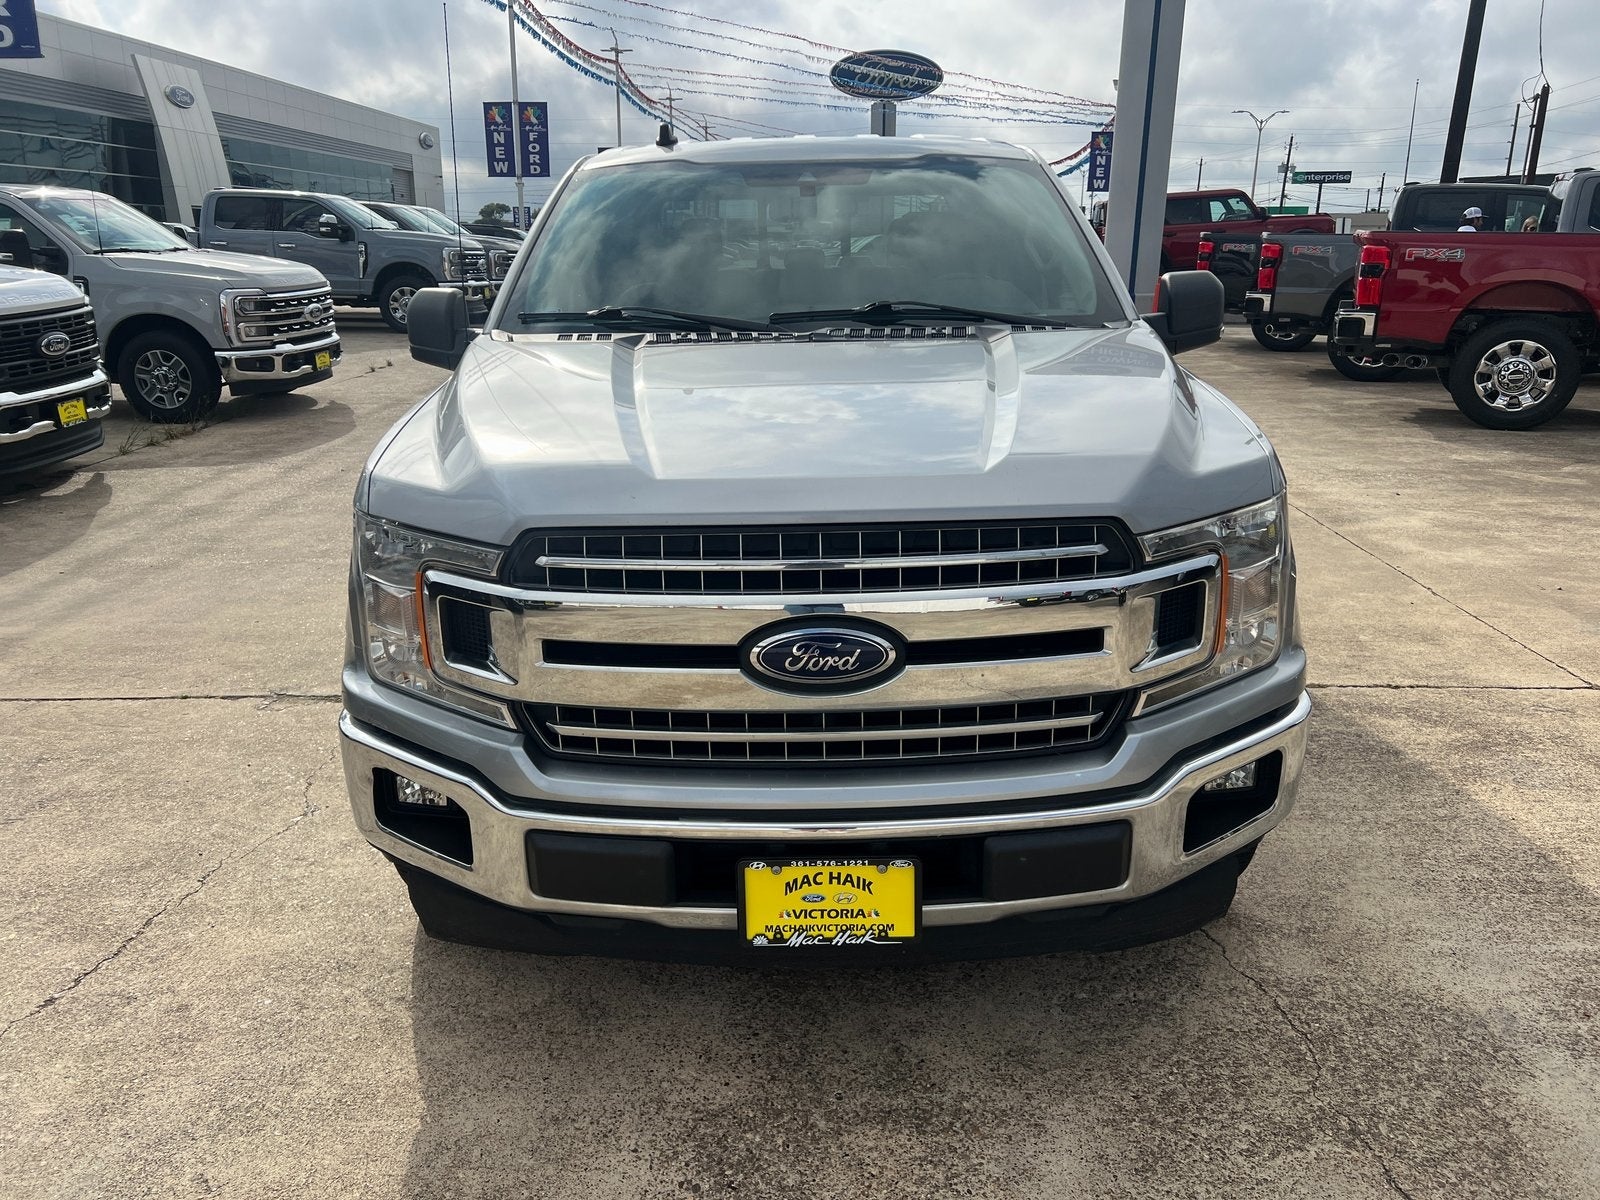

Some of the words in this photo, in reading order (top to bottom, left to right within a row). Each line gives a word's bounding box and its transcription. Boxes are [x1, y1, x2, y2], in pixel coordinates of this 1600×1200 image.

[493, 132, 509, 173] NEW
[528, 132, 541, 174] FORD
[1093, 155, 1106, 189] NEW
[1296, 172, 1351, 182] enterprise
[1223, 243, 1255, 252] FX4
[1292, 245, 1333, 255] FX4
[1405, 247, 1465, 262] FX4
[50, 338, 65, 351] Ford
[785, 640, 861, 671] Ford
[893, 860, 910, 868] Ford
[784, 872, 824, 896] MAC
[828, 872, 874, 895] HAIK
[792, 908, 867, 919] VICTORIA
[786, 930, 829, 948] Mac
[831, 929, 878, 946] Haik
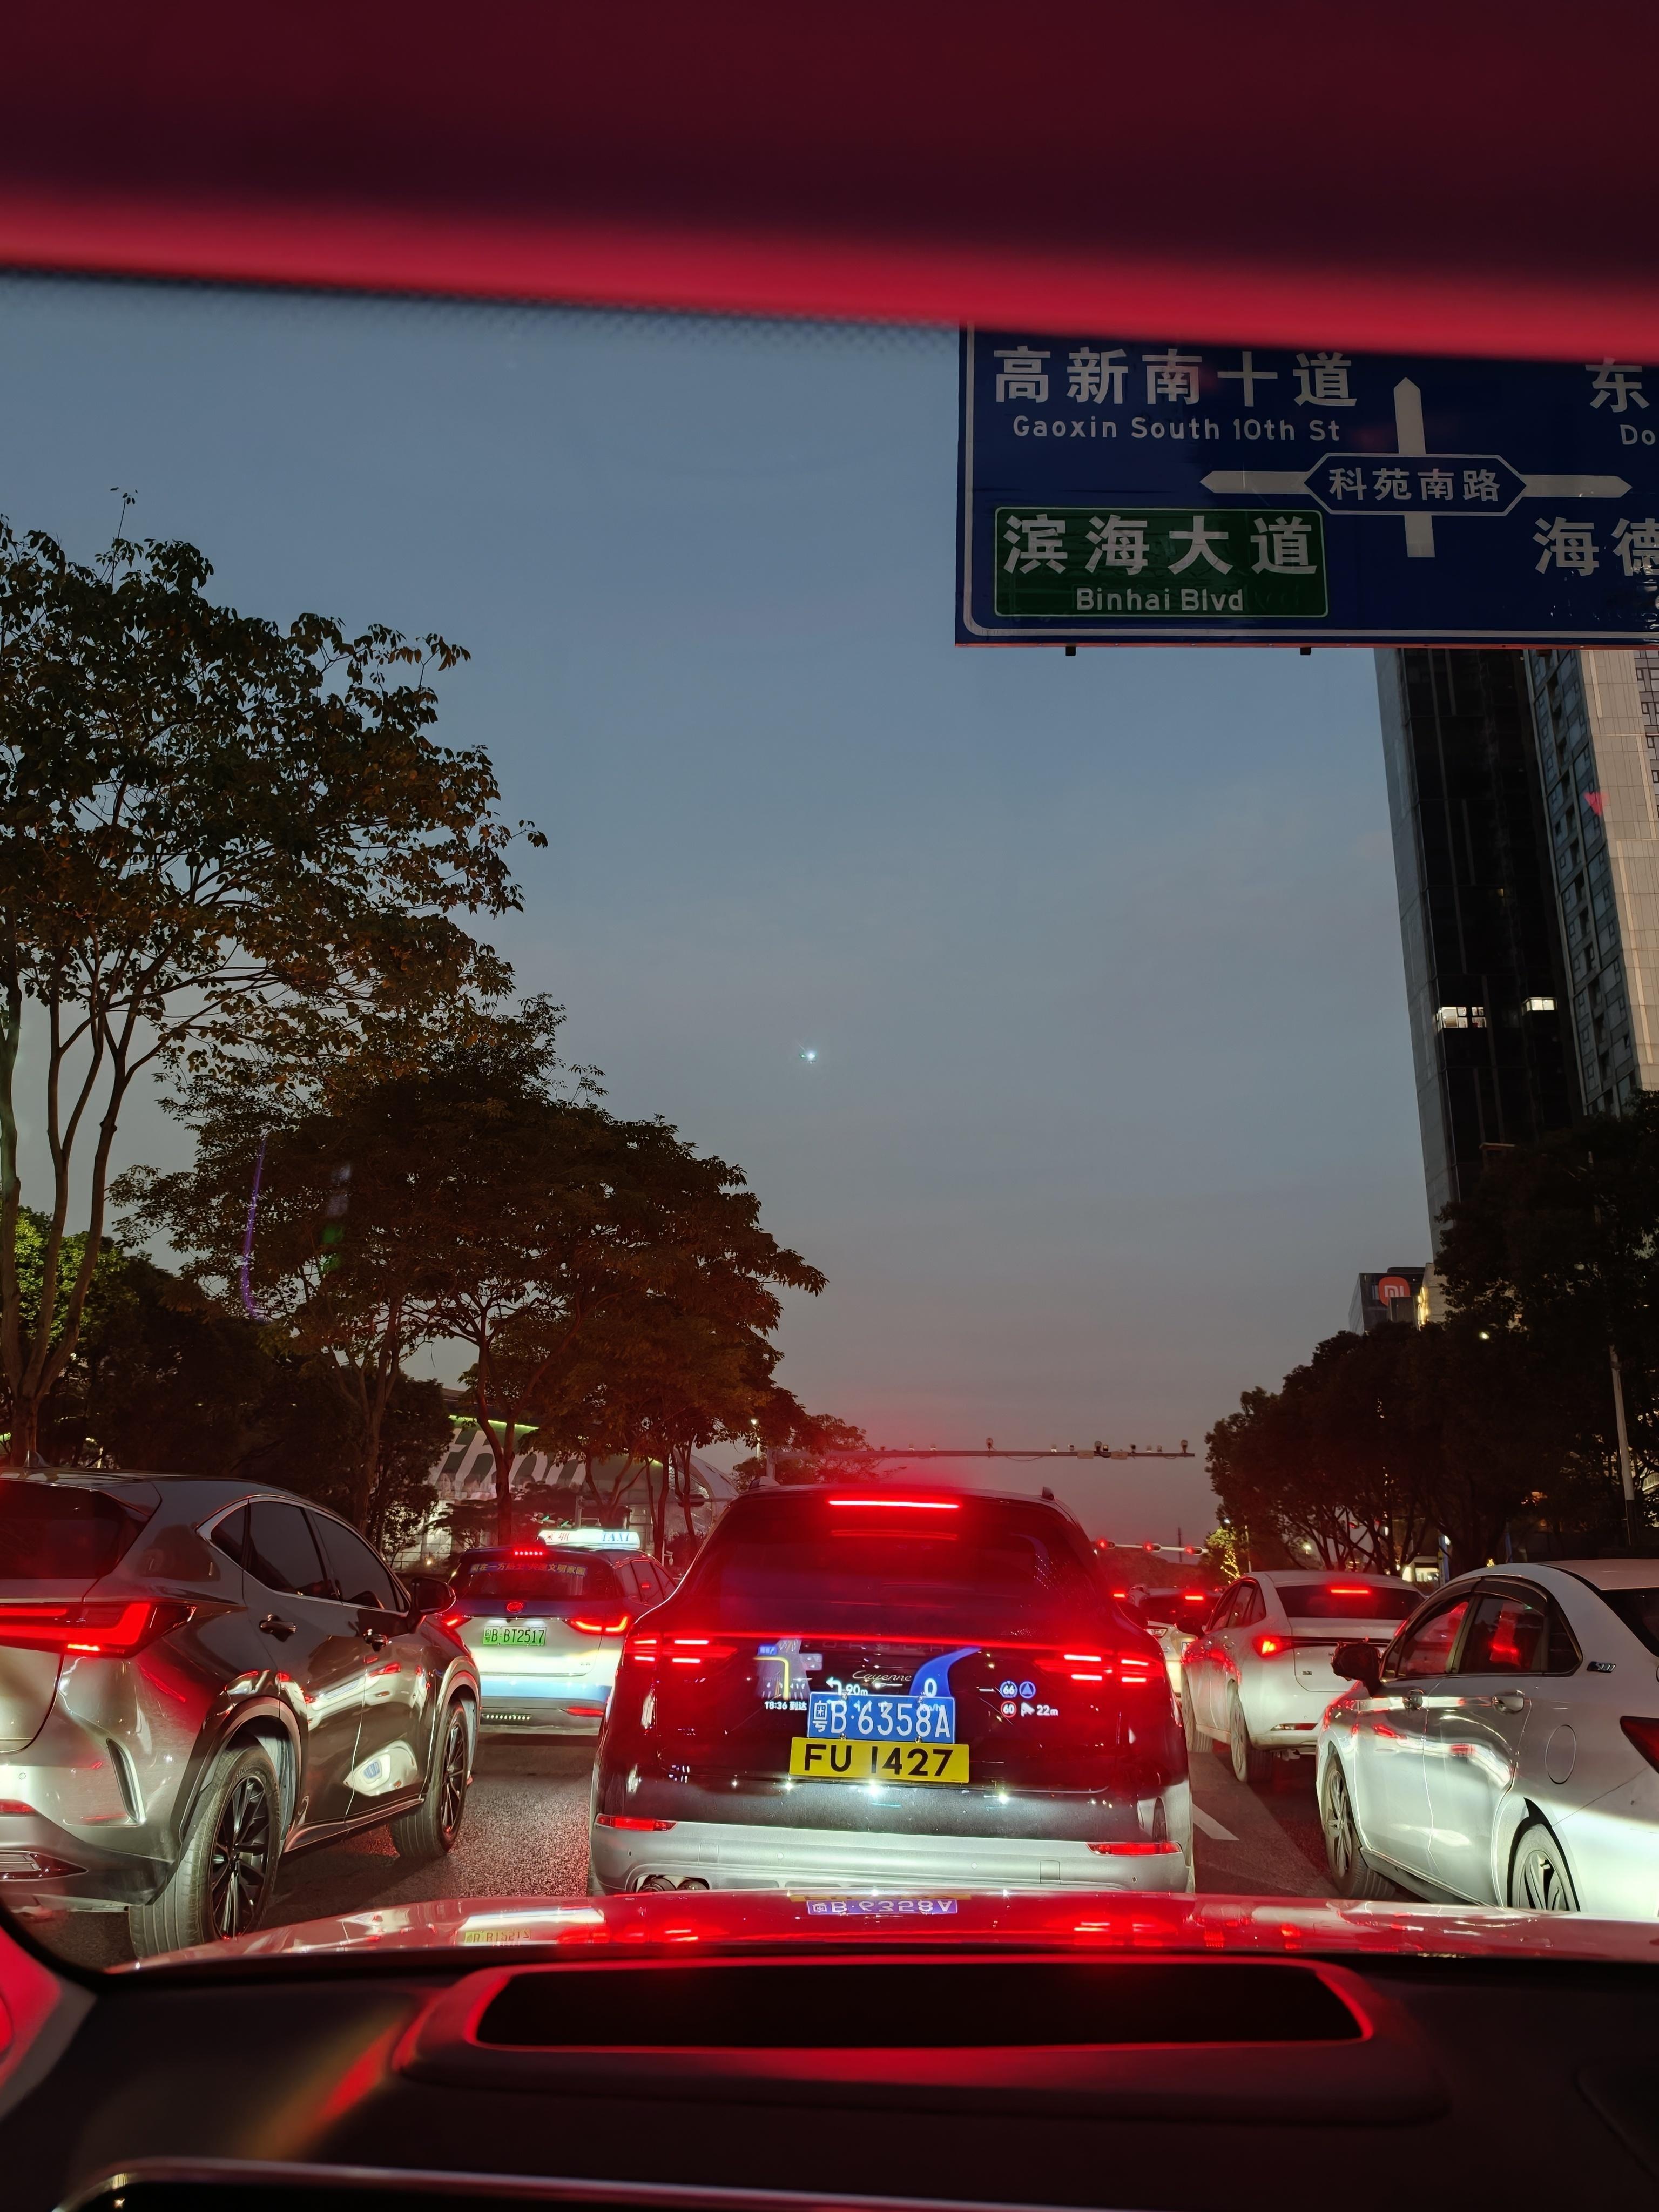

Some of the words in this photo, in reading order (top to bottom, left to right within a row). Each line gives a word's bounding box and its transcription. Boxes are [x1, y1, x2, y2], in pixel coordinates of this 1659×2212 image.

[993, 346, 1357, 407] 高新南十道
[1584, 357, 1650, 413] 东
[1013, 415, 1117, 437] Gaoxin
[1131, 416, 1219, 439] South
[1235, 419, 1294, 440] 10th
[1310, 420, 1340, 441] St
[1328, 468, 1501, 501] 科苑南路
[1003, 514, 1317, 575] 滨海大道
[1076, 588, 1170, 611] Binhai
[1181, 589, 1244, 611] Blvd
[602, 1533, 630, 1542] TAXI
[852, 1670, 912, 1685] Cayenne
[764, 1701, 788, 1710] 18:36
[789, 1701, 807, 1711] 到达
[1036, 1704, 1059, 1716] 22m
[804, 1743, 852, 1772] FU
[871, 1746, 954, 1777] 1427

------------------------------------------------

[WHAT IS NEEDED]:
Look for "this 1659×2212 image." in the records. Write out its line and every later line through the end exactly, with nothing more.

[RESULT OF THIS EXERCISE]:
Some of the words in this photo, in reading order (top to bottom, left to right within a row). Each line gives a word's bounding box and its transcription. Boxes are [x1, y1, x2, y2], in pixel coordinates of this 1659×2212 image.

[993, 346, 1357, 407] 高新南十道
[1584, 357, 1650, 413] 东
[1013, 415, 1117, 437] Gaoxin
[1131, 416, 1219, 439] South
[1235, 419, 1294, 440] 10th
[1310, 420, 1340, 441] St
[1328, 468, 1501, 501] 科苑南路
[1003, 514, 1317, 575] 滨海大道
[1076, 588, 1170, 611] Binhai
[1181, 589, 1244, 611] Blvd
[602, 1533, 630, 1542] TAXI
[852, 1670, 912, 1685] Cayenne
[764, 1701, 788, 1710] 18:36
[789, 1701, 807, 1711] 到达
[1036, 1704, 1059, 1716] 22m
[804, 1743, 852, 1772] FU
[871, 1746, 954, 1777] 1427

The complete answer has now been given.